9 Conception Myths

When it come to conception myths, we’ve heard some pretty crazy ones! Sometimes, it’s hard to tell which ones we should believe and which ones we should ignore. So, we got Dr. Lara Oboler, PregPrep’s very own co-founder to set the record straight.

Myth: Only women need to take supplements before a pregnancy.

Truth: It’s common knowledge that women should take folic acid prior to getting pregnant in order to prevent certain birth defects. What isn’t as well known is that men should also take folic acid. Research has found that men with low folic acid in their diet have a higher rate of chromosomal abnormalities in their sperm.  In addition – selenium, vitamin C and zinc have been shown to boost male fertility.


Myth: Eating yams while trying to conceive will increase your chances of twins.

Truth: This is a strange one.  There is an African village named Igbo-Ora with an unusually high rate of twins – in fact the highest in the world. One theory has been that they consume a lot of yams. In fact, there was one study that linked fertility to yams but this has not been formally proven.


Myth: Men don’t have fertility ‘windows.’

Truth: Actually, sperm are even more temperamental than eggs!  Some think that sperm counts are higher in the morning, probably related to daily male hormonal cycles.  In addition, sperm counts are higher in the winter than in the summer – probably temperature related.


Myth: You can’t get pregnant while you are menstruating:                      

Truth: Actually, 1 to 6 percent of women may be fertile on the day their next menstrual cycle is due to begin. [source: Grigg].
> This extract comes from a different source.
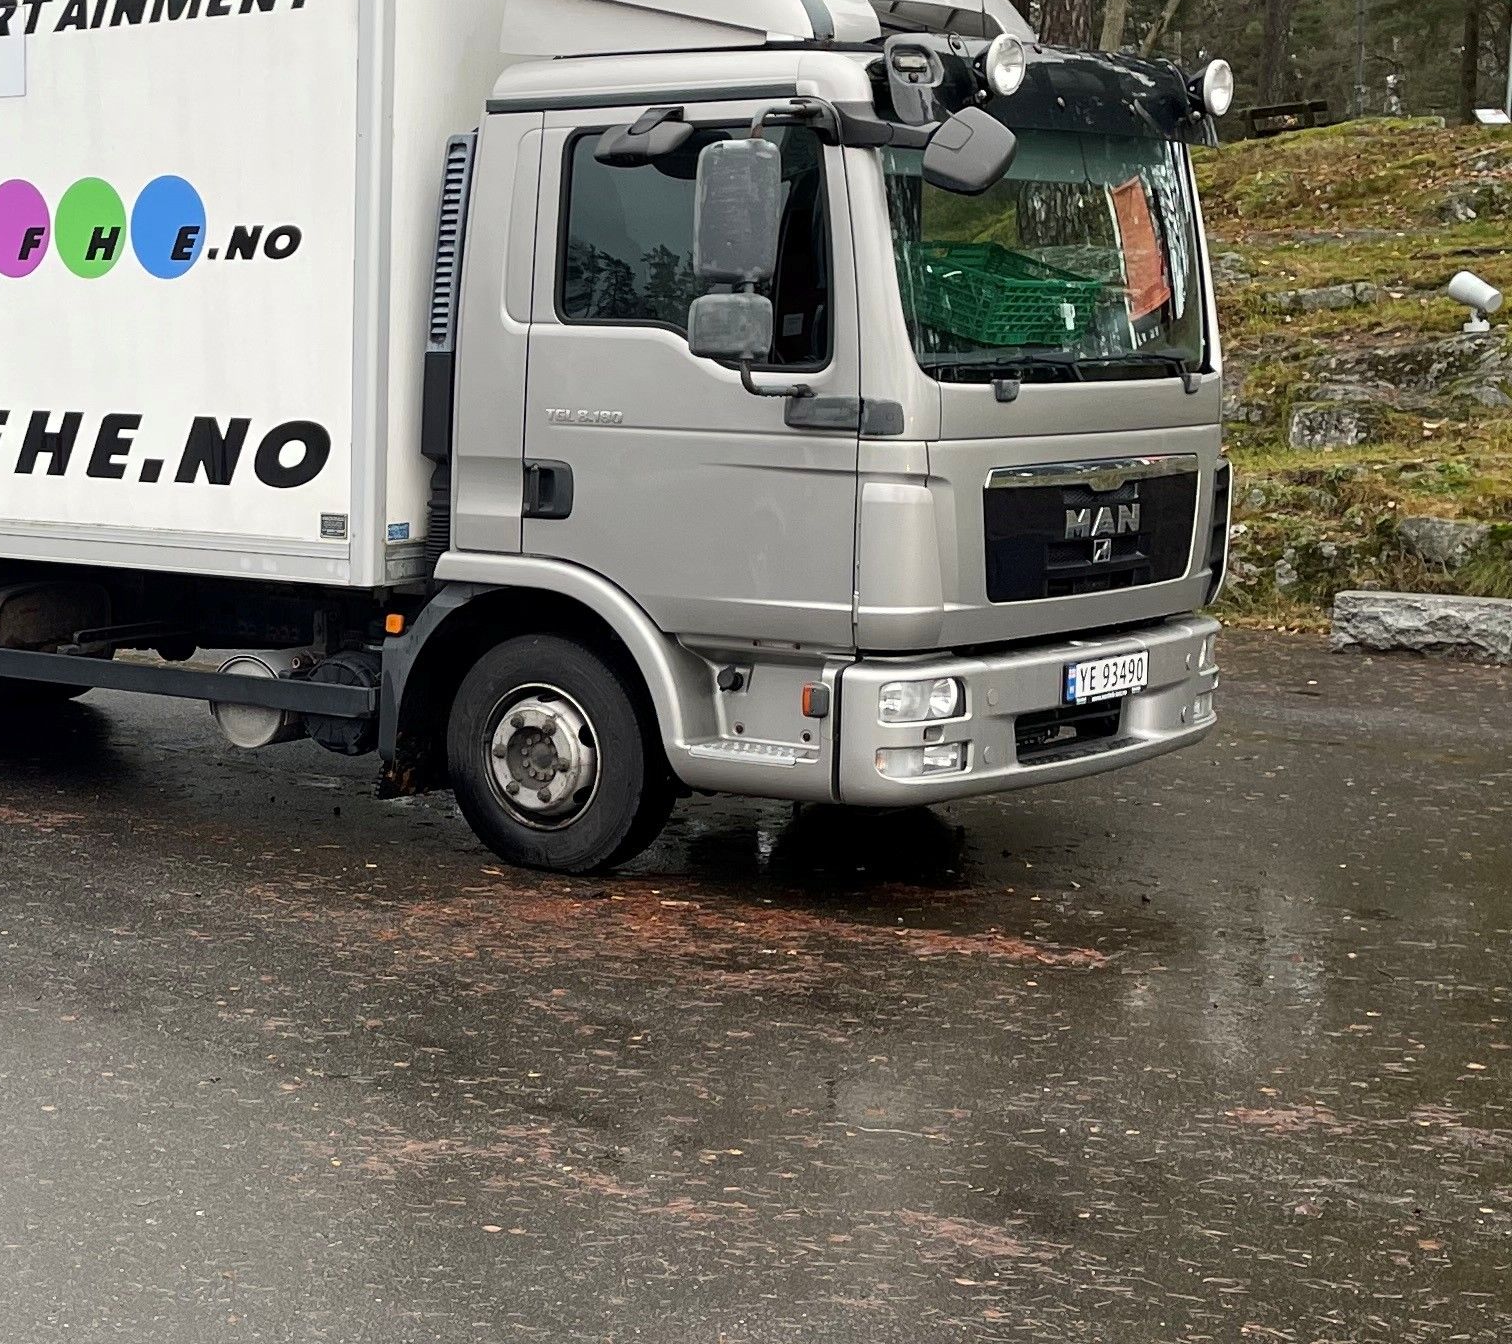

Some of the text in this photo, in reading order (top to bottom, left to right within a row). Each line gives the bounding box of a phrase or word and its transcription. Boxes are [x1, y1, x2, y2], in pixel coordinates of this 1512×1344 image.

[1065, 504, 1141, 540] MAN
[1080, 657, 1144, 692] YE 93490
Myth: Caffeine doesn’t affect fertility.                                                       

Truth: Caffeine can actually decrease fertility. One study found that women who consumed more than the equivalent of one cup of coffee per day were half as likely to become pregnant, per cycle, as women who drank less.  Also—remember there is caffeine in tea, soda and chocolate.


 Myth: It takes a long time to get pregnant after stopping birth control pills.

Truth: This is actually not true.  In a study of 200 women who took birth control pills for at least a year, 40 percent had a period or became pregnant just one month after they stopped taking the pill. And by three months post-pill, nearly 99 percent had a period or became pregnant. In fact, studies show that within one year after stopping birth control pills, 80% of women who want to get pregnant do.


Myth:Stress is one of the major causes of male infertility.

Truth: Although stress may affect sex drive, it will not affect semen quality or quantity, and thus will not lead to infertility.  


Myth: Keeping the testicles cold will enhance semen quality.

Truth: Most men know that heating the testicles can cause problems with the sperm, so they may think that cooling testicles will do the opposite. Not exactly. Cooling testicles with ice can actually be dangerous. In terms of heat – boxers are preferred to wear over “tighty whities.”  Also, prolonged driving should be avoided as it raises scrotal temperature and affects sperm quality.  In addition – prolonged hot baths, saunas, and laptop usage on the lap can all decrease sperm count.  


Myth: Excessive cycling affects sperm count

Truth: Cycling does not affect sperm count. But caution: the bicycle seat itself could cause a problem.  If the bicycle seat (or any seat for that matter) causes numbness – it could potentially damage a man’s erection.